Sachant que, dans notre pays, la République Dominicaine, l’indigence est normalisée et que les personnes qui vivent dans cette situation sont marginalisées et invisibles, nous avons commencé une action communautaire pour donner une réponse évangélique à cette situation.
Aller vers les périphéries
Vif et chanteur, Luisito est arrivé, encourageant malgré son ivresse le groupe qui se réunissait dans la cour pour partager la Parole et le repas. Comme toujours, ses chansons « mondaines » ont provoqué les applaudissements de beaucoup et les plaintes des autres. Mais ainsi est Luisito quand il arrive ivre, diamétralement opposé au Luisito sérieux qui arrive quand il est sobre. Luisito est aimé tel qu’il est. Il nous a avoué à l’occasion que, même s’il n’a pas besoin de dîner, il aime se joindre à nous parce qu’il se sent aimé. Il le dit calmement. Et, comme lui, beaucoup d’autres l’ont admis.
Un simple geste de quatre jeunes pour partager un repas chaud tous les vendredis avec des personnes démunies de la paroisse San Pedro Apostol est devenu une vague qui a attiré d’autres jeunes adultes désireux de partager leur vie dans un service significatif. Avec cette acceptation du projet de pastorale de la rue, le service a pu être étendu et ce n’était plus seulement dans ce parc de Villa Consuelo ou aux personnes âgées qui vivaient dans la solitude dans la zone paroissiale, mais nous sommes sortis pour « aller vers les périphéries », tard le soir, à travers le centre historique de la ville coloniale et ses environs, cherchant à partager avec ceux qui vivaient dans les rues de ces quartiers. Le service du repas et de la Parole partagée de tous les vendredis de l’année (presque en permanence), est passé de l’accueil de 40 personnes de Villa Consuelo et Zona Colonial, à l’assistance, aujourd’hui, à environ 140 âmes (y compris d’autres bidonvilles) qui, plus que la nourriture du corps, sont en quête d’un bon traitement, d’attention, d’écoute, d’affection, de compréhension, de l’AMITIE des bénévoles qui participent à cet espace de service.

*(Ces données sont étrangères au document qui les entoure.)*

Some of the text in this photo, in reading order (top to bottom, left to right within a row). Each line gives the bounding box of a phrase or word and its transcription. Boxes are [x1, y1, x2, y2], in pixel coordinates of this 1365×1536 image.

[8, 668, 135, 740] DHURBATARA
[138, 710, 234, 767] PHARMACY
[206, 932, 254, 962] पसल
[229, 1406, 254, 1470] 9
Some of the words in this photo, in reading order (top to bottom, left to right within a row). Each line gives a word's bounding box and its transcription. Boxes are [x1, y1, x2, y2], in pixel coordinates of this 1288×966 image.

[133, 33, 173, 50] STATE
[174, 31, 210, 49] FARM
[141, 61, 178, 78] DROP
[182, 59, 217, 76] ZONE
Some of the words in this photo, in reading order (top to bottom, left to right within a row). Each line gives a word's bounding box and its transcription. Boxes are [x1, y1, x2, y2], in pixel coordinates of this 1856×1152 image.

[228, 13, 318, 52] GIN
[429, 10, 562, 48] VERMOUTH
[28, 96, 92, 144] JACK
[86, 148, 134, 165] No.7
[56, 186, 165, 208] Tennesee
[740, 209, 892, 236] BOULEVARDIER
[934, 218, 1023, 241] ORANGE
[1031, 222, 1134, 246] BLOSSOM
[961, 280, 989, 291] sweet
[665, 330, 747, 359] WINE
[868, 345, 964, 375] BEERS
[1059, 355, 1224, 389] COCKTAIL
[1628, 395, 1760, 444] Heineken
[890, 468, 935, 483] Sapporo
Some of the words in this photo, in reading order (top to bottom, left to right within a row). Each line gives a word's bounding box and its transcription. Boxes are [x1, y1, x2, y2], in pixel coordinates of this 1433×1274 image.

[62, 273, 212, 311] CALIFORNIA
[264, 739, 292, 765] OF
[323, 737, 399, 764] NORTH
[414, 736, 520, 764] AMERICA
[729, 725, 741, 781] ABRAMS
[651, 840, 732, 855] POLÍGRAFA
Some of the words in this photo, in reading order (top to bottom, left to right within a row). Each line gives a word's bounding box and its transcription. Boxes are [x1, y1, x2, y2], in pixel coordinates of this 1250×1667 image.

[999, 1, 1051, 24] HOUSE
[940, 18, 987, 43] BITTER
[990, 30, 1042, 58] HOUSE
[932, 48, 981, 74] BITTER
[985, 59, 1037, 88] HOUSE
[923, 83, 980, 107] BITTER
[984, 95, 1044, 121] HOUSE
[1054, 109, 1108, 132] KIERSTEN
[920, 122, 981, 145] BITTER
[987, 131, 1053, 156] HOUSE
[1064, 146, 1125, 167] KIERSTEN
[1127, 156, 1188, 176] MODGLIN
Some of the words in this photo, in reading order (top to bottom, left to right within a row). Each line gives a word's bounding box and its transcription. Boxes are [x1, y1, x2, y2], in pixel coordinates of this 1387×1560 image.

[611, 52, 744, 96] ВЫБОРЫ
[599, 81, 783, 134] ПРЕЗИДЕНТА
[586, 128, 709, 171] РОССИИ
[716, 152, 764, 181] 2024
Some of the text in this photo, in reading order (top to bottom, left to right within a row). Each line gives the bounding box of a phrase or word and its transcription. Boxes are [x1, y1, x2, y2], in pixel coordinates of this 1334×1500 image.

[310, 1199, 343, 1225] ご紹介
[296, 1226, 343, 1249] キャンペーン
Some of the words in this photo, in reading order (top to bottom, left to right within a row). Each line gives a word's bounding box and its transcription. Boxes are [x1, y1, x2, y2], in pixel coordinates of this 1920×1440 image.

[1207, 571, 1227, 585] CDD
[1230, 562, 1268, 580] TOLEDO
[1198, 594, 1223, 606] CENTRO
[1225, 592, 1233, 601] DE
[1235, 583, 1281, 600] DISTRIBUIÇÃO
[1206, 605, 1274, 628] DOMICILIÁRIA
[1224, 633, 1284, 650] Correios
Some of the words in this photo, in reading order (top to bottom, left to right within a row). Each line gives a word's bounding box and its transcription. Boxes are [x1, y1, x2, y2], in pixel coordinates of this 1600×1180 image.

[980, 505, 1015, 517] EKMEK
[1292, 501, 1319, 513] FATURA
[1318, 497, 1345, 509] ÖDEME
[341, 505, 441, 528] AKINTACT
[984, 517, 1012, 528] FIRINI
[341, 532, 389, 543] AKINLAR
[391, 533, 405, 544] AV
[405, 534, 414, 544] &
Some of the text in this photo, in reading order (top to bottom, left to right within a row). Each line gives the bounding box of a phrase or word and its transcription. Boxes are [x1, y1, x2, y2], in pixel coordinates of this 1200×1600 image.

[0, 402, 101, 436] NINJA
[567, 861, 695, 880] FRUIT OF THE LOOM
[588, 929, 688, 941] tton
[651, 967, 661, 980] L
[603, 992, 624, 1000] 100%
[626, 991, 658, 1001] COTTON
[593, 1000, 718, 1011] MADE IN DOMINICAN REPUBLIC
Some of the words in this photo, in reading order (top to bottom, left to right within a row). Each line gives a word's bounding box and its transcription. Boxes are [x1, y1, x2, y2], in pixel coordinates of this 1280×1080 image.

La pastorale de la rue ne reçoit aucune subvention. Elle est soutenue par des cœurs généreux (y compris celui des bénévoles) qui donnent le matériel (nourriture ou vêtements). Il y a eu des vendredis d’incertitude où nous ne savions pas d’où viendrait la nourriture, mais la providence divine ne nous abandonne jamais et, comme pour les pains et les poissons multipliés, le repas suffit pour tous.
Plus qu’un repas et la Parole
Juan était un vieil homme malade qui vivait dans les rues de la ville, faisant tout ce qu’il fallait pour survivre. Un jour, Juan s’est laissé convaincre et a accepté d’aller vivre chez des religieuses qui ont ouvert leurs portes à sa cause. Là, il a reçu des soins médicaux, de la nourriture et de l’affection. Chaque fois que c’était possible, nous lui rendions visite, en particulier Griny, une volontaire qui devint son amie fidèle. C’était une amitié puissante qui a transformé non seulement la vie de Juan, mais aussi celle de Griny. Malheureusement, Juan n’a pas vécu longtemps dans ce « paradis », mais il n’est pas mort dans la rue face à l’indifférence de la société ; il est mort aimé par ses amis/es.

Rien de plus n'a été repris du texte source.